To confirm the incidence of psyllids infected by this reovirus, psyllids were collected from the Picos Research Farm, Fort Pierce, FL and assayed for the virus by RT-PCR with Dc-reo2 specific primers. Psyllids which were collected from the field (May 2008) resulted in ∼55% virus positive. Fig. 4 shows RT-PCR results to detect Dc-Reo2 from 10 individual psyllids. Six of 10 were amplified with 442bp, which were considered positive. No immediate pathogenic effects were observed in psyllids so far. Viruses may case latent infection where we are unable to see obvious deleterious effects. To understand reovirus ecology, more research with multiple dates and locations will be needed. The report of NPLV as replicating in the brown planthopper, as a non-pathogenic infection (Nakashima & Noda 1995), suggests that DcRV may also be non-pathogenic to D. citri. Pathogenicity tests of D. citri-Reovirus to psyllids will be evaluated at a later time. In this case, the spread of a virus through the psyllid population provides an excellent opportunity to use them as delivery mechanisms/tools for the RNAi strategy to reduce psyllids. Virus acquisition and transmission may be occurring due to a combination of the D. citri feeding behavior and wide host range, which overlaps with reovirus host plants. This is the first report of a reovirus in D. citri. Knowledge of host range, mode of transmission and genome organization of the D. citri Reovirus is important information which will help us understand the virus-vector interactions and illuminate possible roles this virus may have in the development of new management strategies against D. citri to reduce the impact of HLB in citrus trees.

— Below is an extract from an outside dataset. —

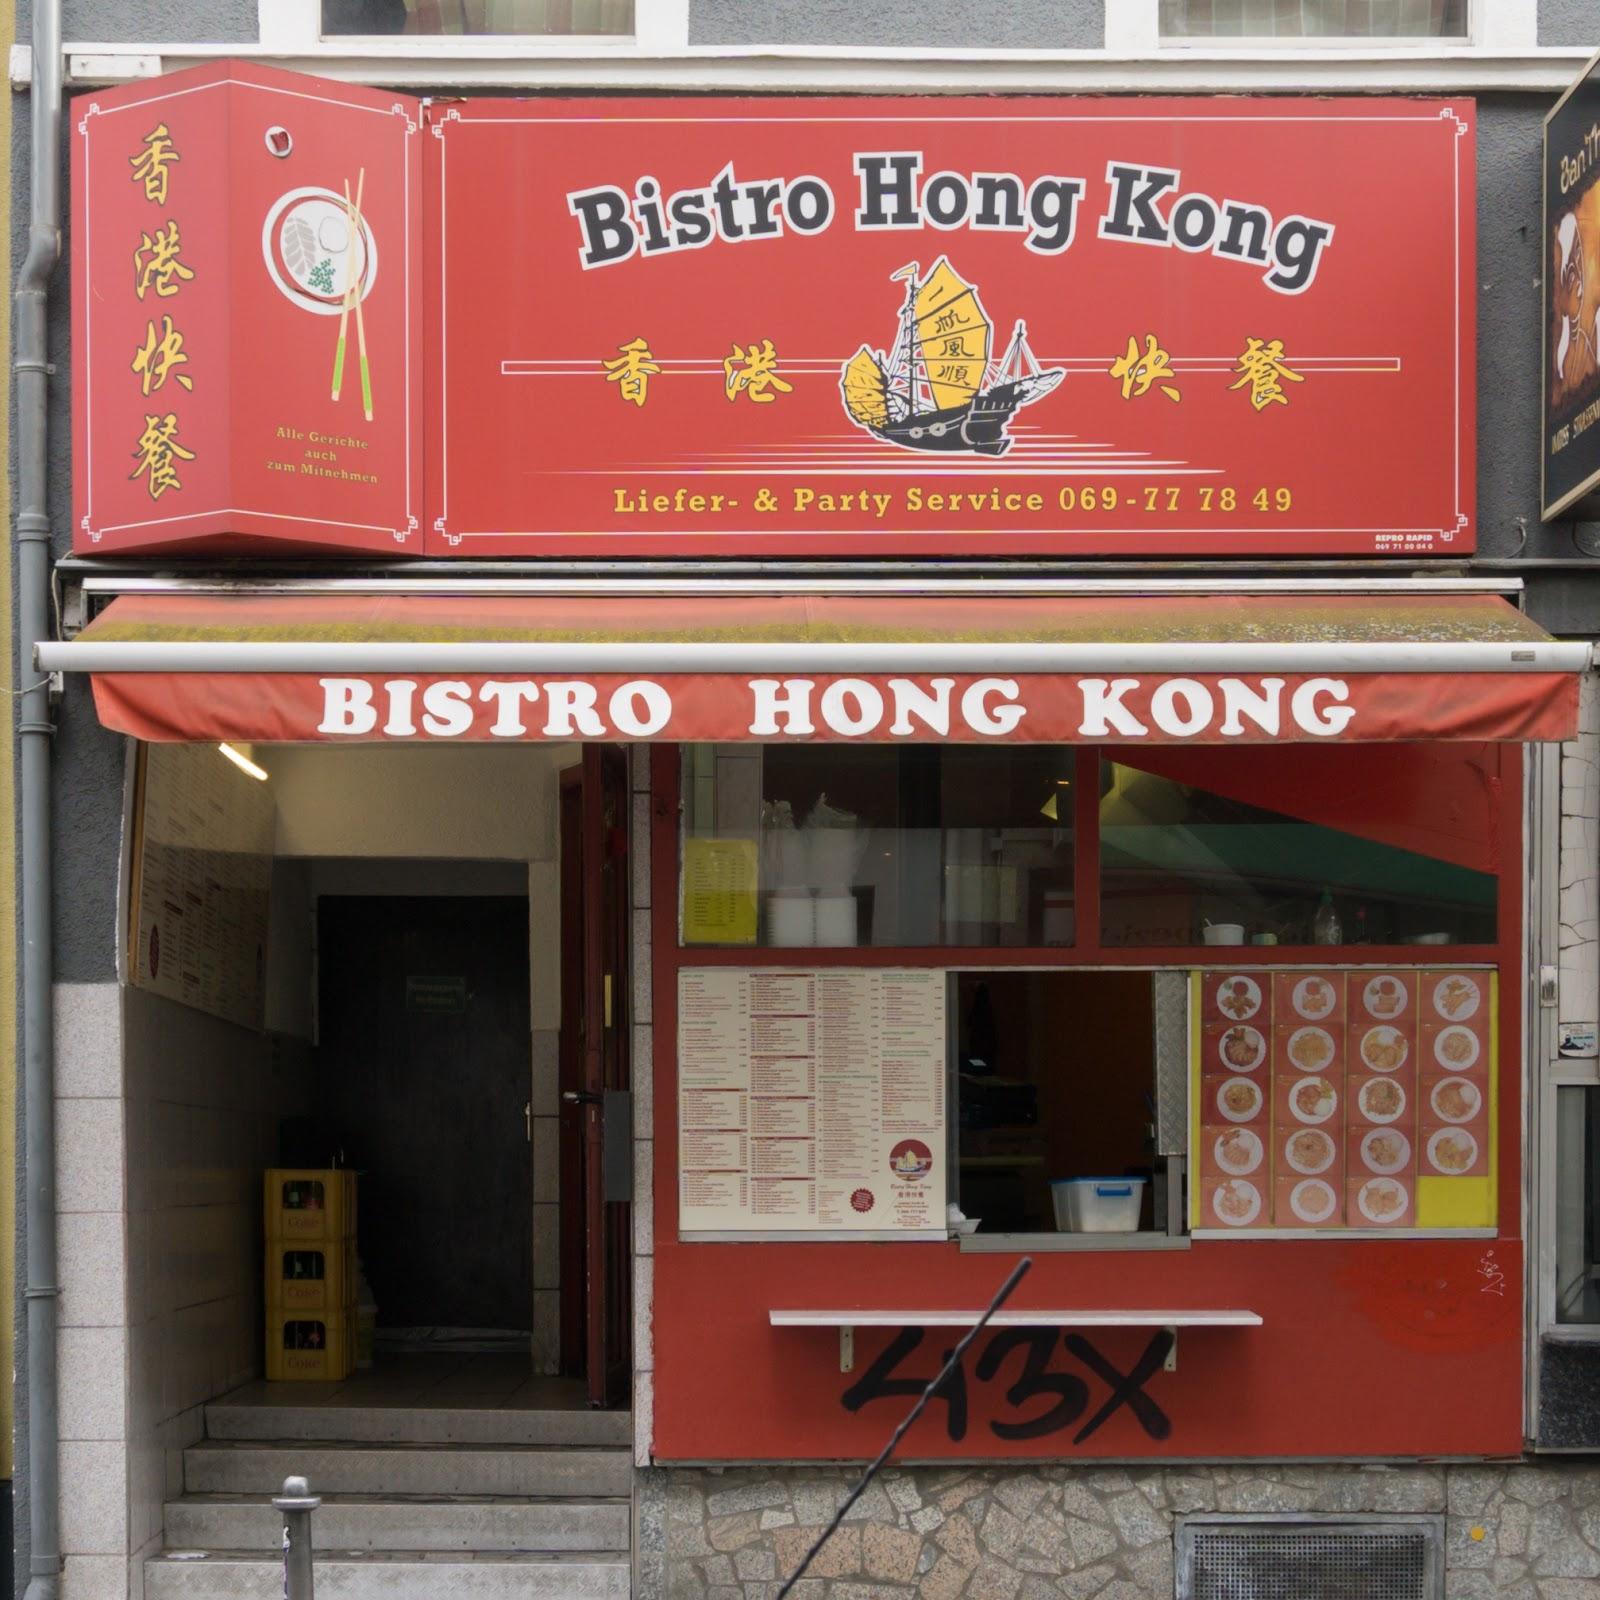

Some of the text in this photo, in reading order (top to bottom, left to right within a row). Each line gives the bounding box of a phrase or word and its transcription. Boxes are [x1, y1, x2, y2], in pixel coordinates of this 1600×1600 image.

We thank Laura Hunnicutt, Jerry Mozoruk, Maria Gonzales, Christine Lynch, Matthew Hentz, and Kathryn Moulton, Biological science technicians for providing technical assistance and for helpful comments. We thank Dr. Shinji Kawano for helpful discussions about reovirus. We thank Dr. Aaron P. Hert for helpful discussions and review of the manuscript. This research was supported in part by the Florida Citrus Production Research Advisory Council, 2007.